INTRODUCTION
As with all patients, the dentist
should recommend treatment, present alternative treatments (if any), and
discuss the probable benefits, limitations and risk associated with
treatment. Any treatment performed should be with the concurrence of the
patient and the dentist. Poor patient prognosis is generally not
justification for denying the patient a viable treatment option.
When dental treatment is indicated,
decisions regarding the appropriateness of ongoing and long-term dental care
of patients with HIV infection should take into account the patient's
general medical status, and should not be based solely on HIV status. The
immunocompetent, asymptomatic HIV-infected individual usually does not
require any special consideration when planning, and in the provision of,
dental treatment. However, as the infection advances to AIDS, laboratory
test evaluating the progression of HIVD may become important in determining
an appropriate treatment plan. Patients with CD4+lymphocyte counts above
200cells/mm3 usually have their immunologic status assessed at least every 6
months by their physician, while those patients with CD4+lymphocyte counts
below 200 cells/mm3 usually have appropriate test preformed at least every
three months. It is important to consider general trends in CD4+lymphoctye
counts and other laboratory values, rather than any single value, as counts
may vary considerably even on a daily basis.
The recommendations below should only
be used as general guidelines. Each patient should be evaluated on a case by
case basis. When there is a requirement for urgent dental care, a degree of
flexibility may be necessary with the critical values outlined below.

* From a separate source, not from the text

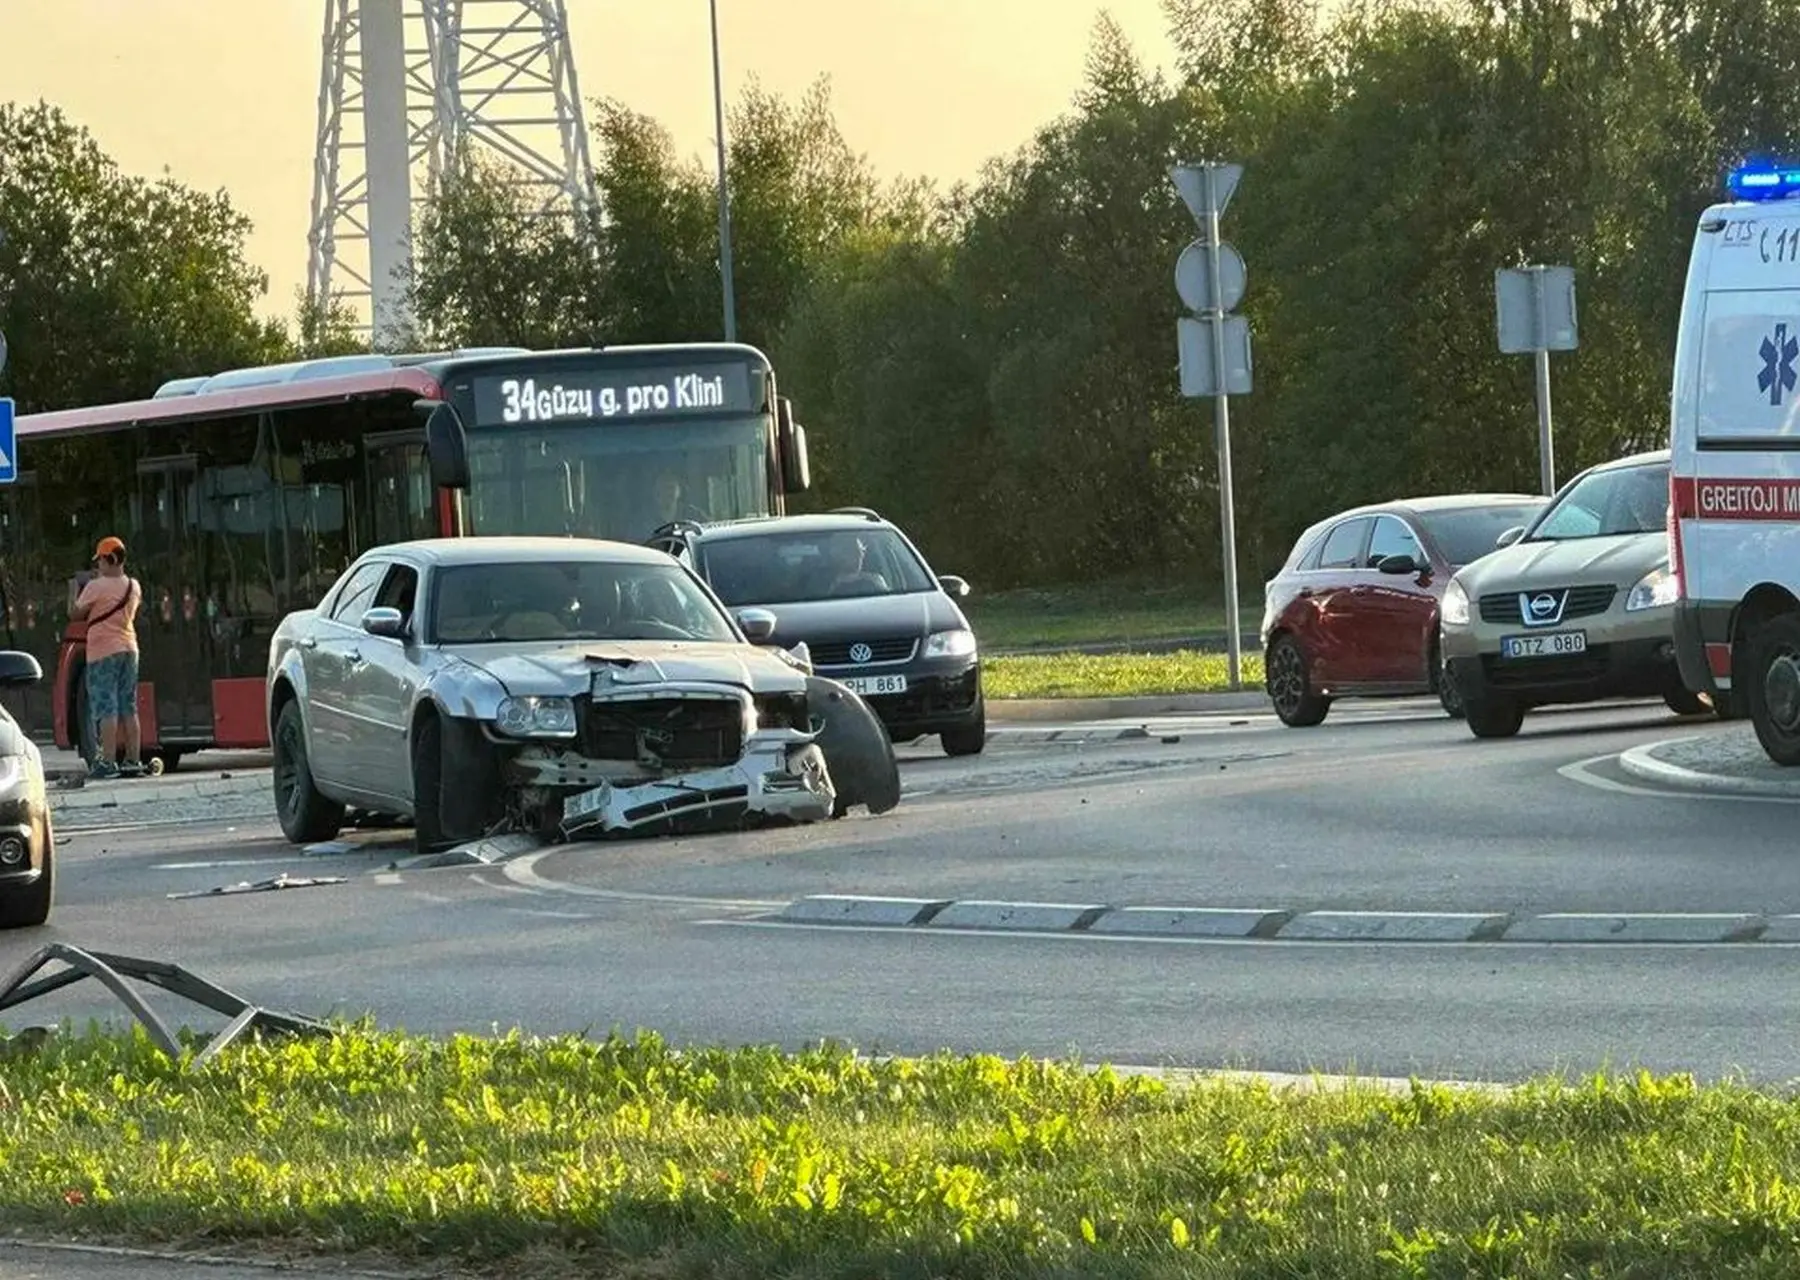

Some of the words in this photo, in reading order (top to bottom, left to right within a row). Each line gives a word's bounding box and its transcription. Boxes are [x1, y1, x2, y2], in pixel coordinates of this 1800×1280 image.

PROCEDURES LIKELY TO RESULT IN BLEEDING AND
BACTEREMIA:
Surgical procedures or
instrumentation involving mucosal surfaces or contaminated tissue are
commonly associated with transient bacteremia. However, such procedures have
not been associated with a higher incidence of symptomatic bacteremia in
HIV-infected patients. Therefore, HIV infection itself is not a
contraindication to procedures likely to cause bleeding. Nevertheless, due
to the multiple systemic effects of HIV infection and the evolving nature of
the disease, the patient's medical history may have to be updated prior to
each dental encounter in order to assess the need for antibiotic
prophylaxis/coverage, and the possibility of anemia and abnormal bleeding
tendencies.
ANTIBIOTIC PROPHYLAXISA/COVERAGE:
Persons with AIDS may be taking a
number of systemic medications, many of which have the potential for
interaction with agents prescribed by the dentist. Furthermore, individuals
with AIDS, often develop allergies to a variety of medications. Judicious
use of systemic drugs, based on a thorough knowledge of the patient's
medical history, is therefore recommended.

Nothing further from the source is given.